Verordnung, die Dampfkessel betreffend Vom 8. November 1909 § 62 (1) Der Betrieb und die Aufstellung geheizter beweglicher Dampfkessel innerhalb von Gebäuden mit weicher Bedachung oder in Gebäuden mit

leicht entzündlichem Inhalt ist verboten. Beträgt die zulässige Dampfspannung des Kessels mehr als 6 Atmosphären Überdruck oder das Produkt aus der Heizfläche in Quadratmetern und der zulässigen Dampfspannung in Atmosphären Überdruck mehr als 30, so darf der Aufstellungsraum weder überwölbt sein, noch eine feste Balkendecke haben.

(2)Der Betrieb und die Aufstellung geheizter beweglicher Dampfkessel in Anbauten von Gebäuden mit weicher Bedachung oder in Räumen, die neben solchen mit leicht entzündlichem Inhalt liegen, ist nur gestattet, wenn eine feuersichere Trennungswand vorhanden ist. Die übrigen Umfassungswände des Aufstellungsraumes einschließlich der Türen sind mindestens auf 1,5 m über dem Fußboden feuersicher herzustellen. Letzterer muß gleichfalls feuersicher sein. Die Durchführung von Transmissionswellen durch die Trennungswand muß feuersicher abgedichtet werden. Treibriemen, welche durch solche Wände hindurchgeführt werden sollen, sind mit Kästen zu umschließen, soweit sie in den Räumen mit leicht entzündlichem Inhalte laufen.

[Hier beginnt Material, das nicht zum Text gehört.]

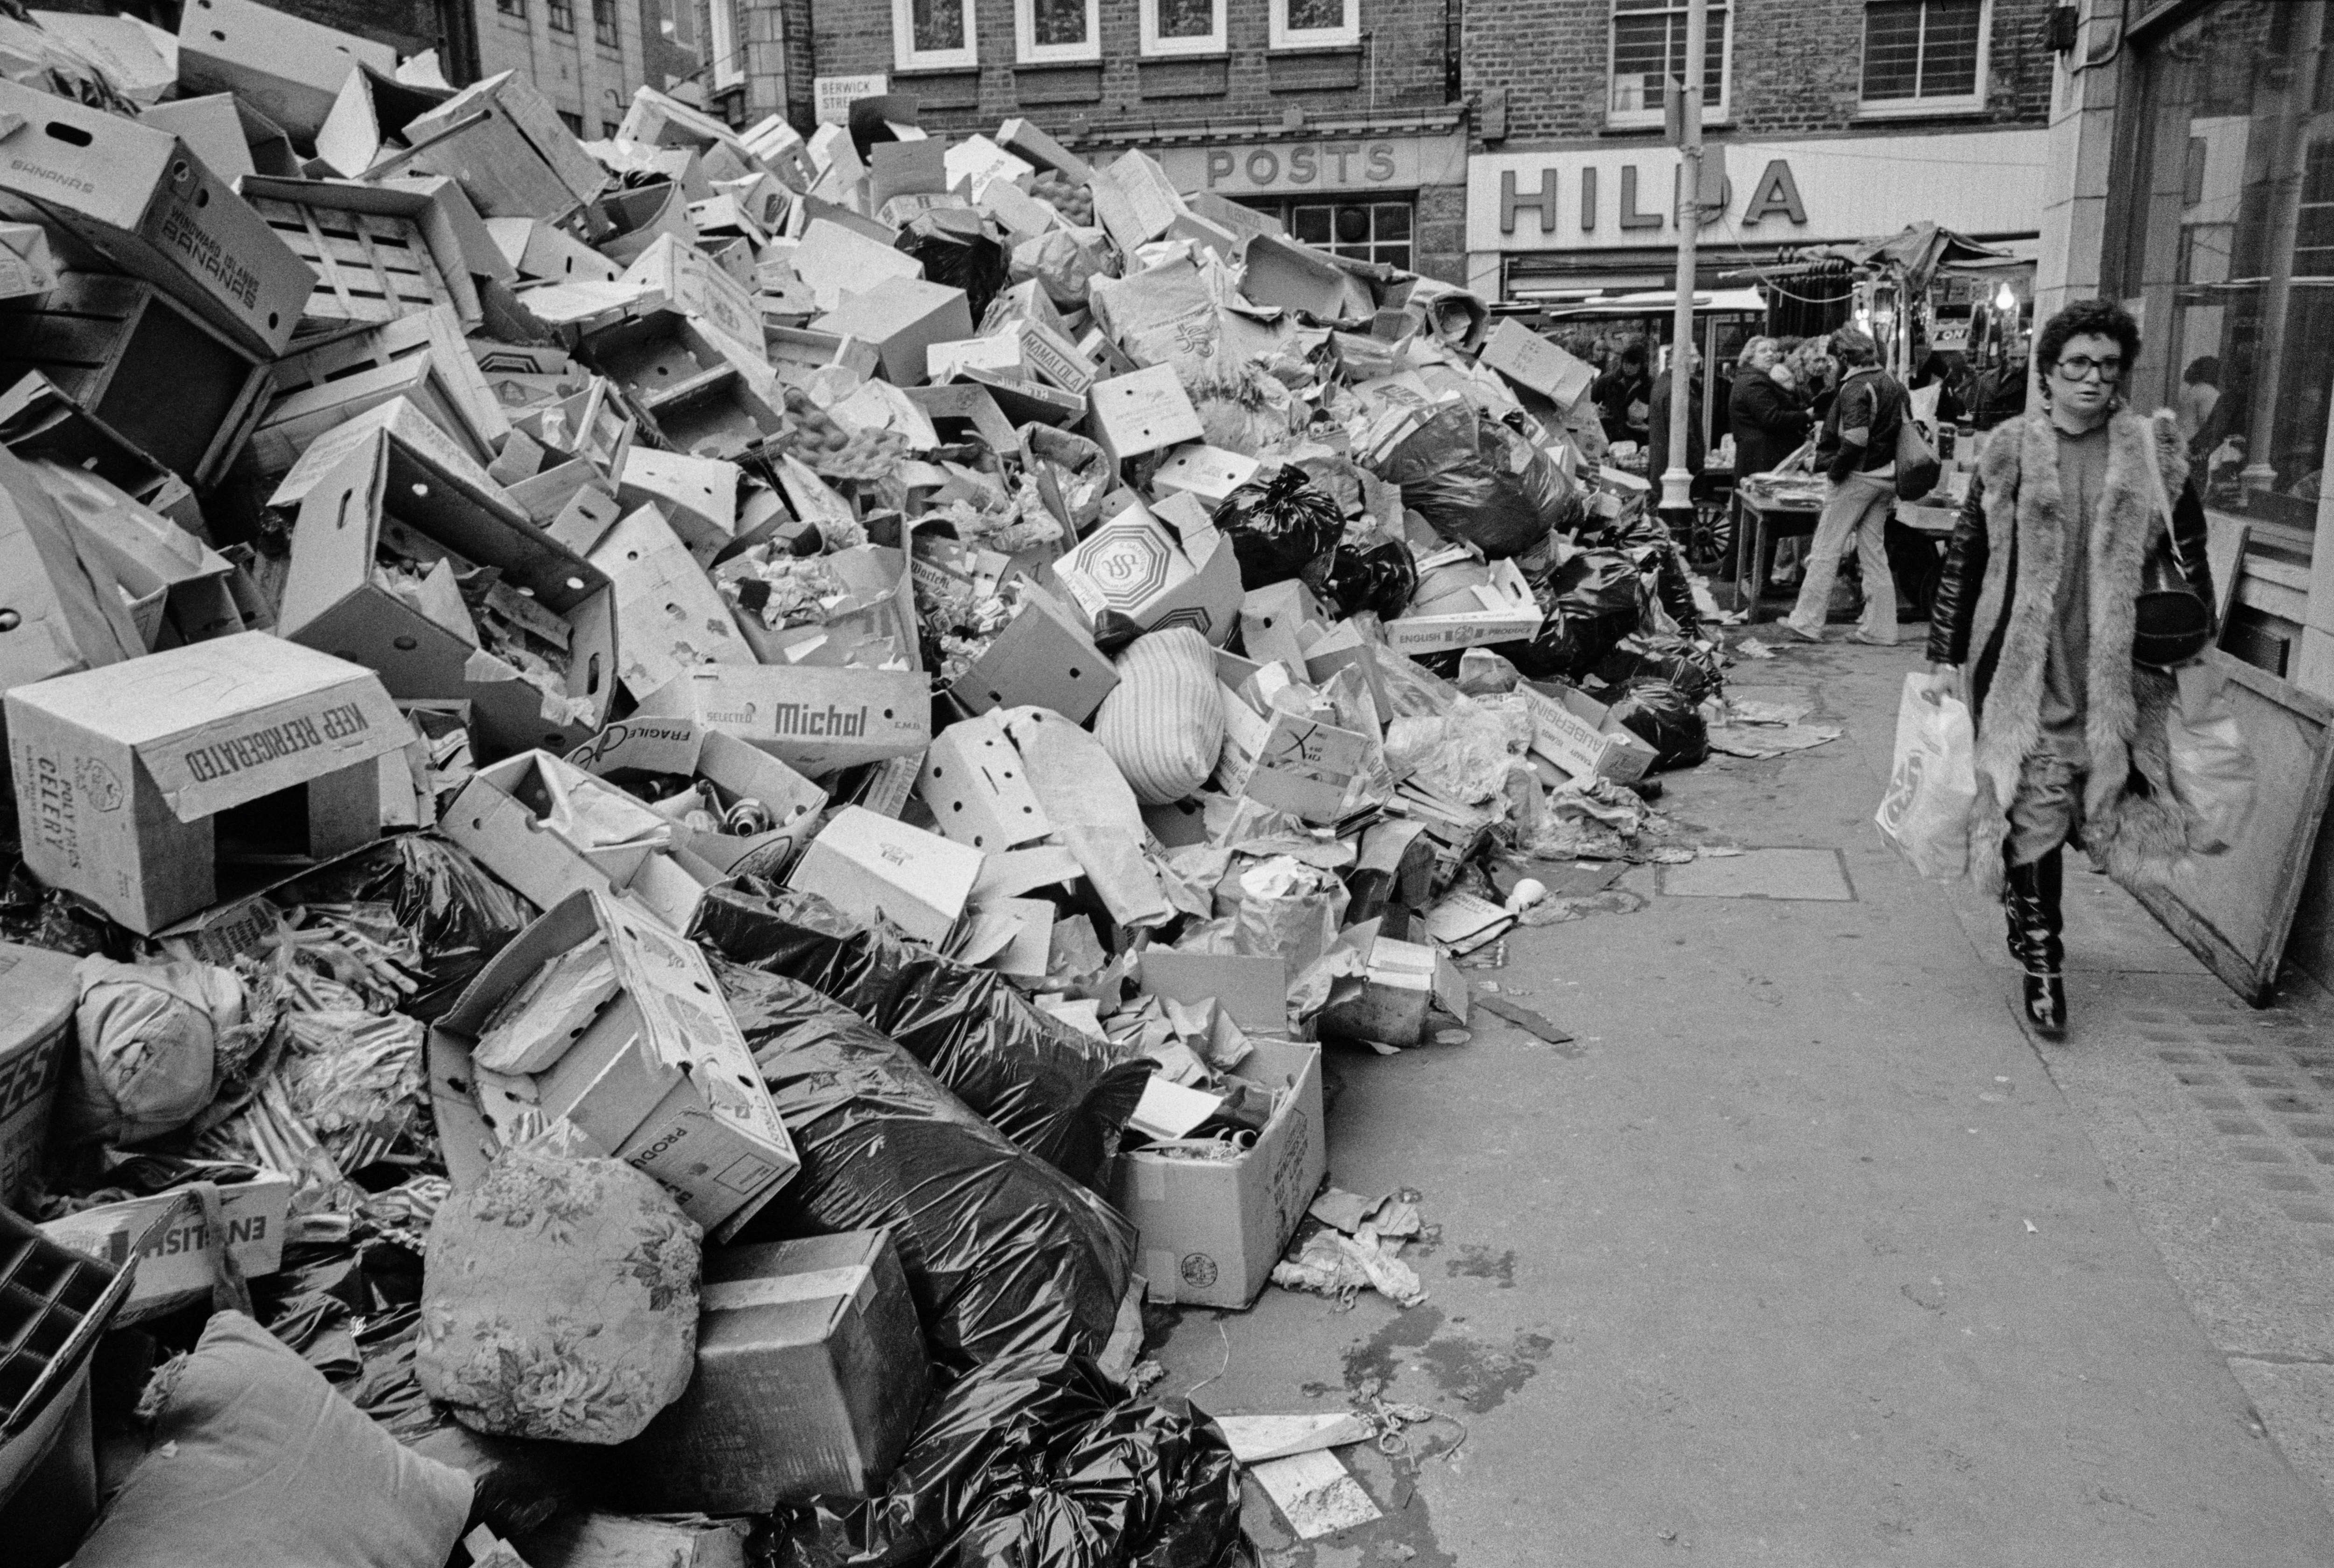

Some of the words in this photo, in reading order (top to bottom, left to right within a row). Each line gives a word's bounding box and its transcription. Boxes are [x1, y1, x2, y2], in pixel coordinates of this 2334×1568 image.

(3)Der Schornstein beweglicher Dampfkessel, die innerhalb von Gebäuden betrieben werden, muß so hoch ins Freie geführt werden, daß seine Ausmündung bei weicher Bedachung anstoßender Gebäude mindestens 5 m, bei harter Bedachung mindestens 1,5 m über die Firsten der Dachflächen hinausragt. Brennbare Gegenstände müssen von metallenen Rauchröhren mindestens 0,5 m entfernt bleiben. Dieser Abstand kann bei der Durchführung durch das Dach auf 0,25 m ermäßigt werden, wenn der Ausschnitt im Dache eine Blechverkleidung erhält.
(4)Auf freistehende, provisorische Bretterschuppen zum Schutze beweglicher Dampfkessel finden die Vorschriften des Abs. 3 und die des Abs. 1 dann entsprechende Anwendung, wenn ihr Abstand von benachbarten Gebäuden mit leicht entzündlichem Inhalt oder weicher Dachung, von Schobern oder Mieten weniger als 5 m beträgt.
(5)Bei der Aufstellung geheizter beweglicher Dampfkessel außerhalb von Gebäuden sind nachstehende Entfernungen des Rauchrohres und der zur Heizung dienenden Teile des Kessels einzuhalten:
  1. a)von Gebäuden mit feuersicheren Umfassungswänden und harter Dachung mindestens 1 m von der Traufkante, sofern die Gebäude keine leicht entzündlichen Gegenstände, mindestens 3 m von der Traufkante, sofern sie solche Gegenstände enthalten;
  2. b)von Gebäuden mit nicht feuersicheren Umfassungswänden oder mit weicher Bedachung mindestens 5 in von der Traufkante;
  3. c)von Schobern, Mieten, Holzvorräten, Waldbeständen mindestens 5 m. Die vorstehend angegebenen Entfernungen gelten für die Heizung der Kessel mit Koks, Steinkohle und Steinkohlebriketts. Werden zur Feuerung Braunkohlen, Torf, Holz oder andere zum Funkenwerfen neigende Brennstoffe benutzt, so sind mindestens die doppelten Entfernungen einzuhalten.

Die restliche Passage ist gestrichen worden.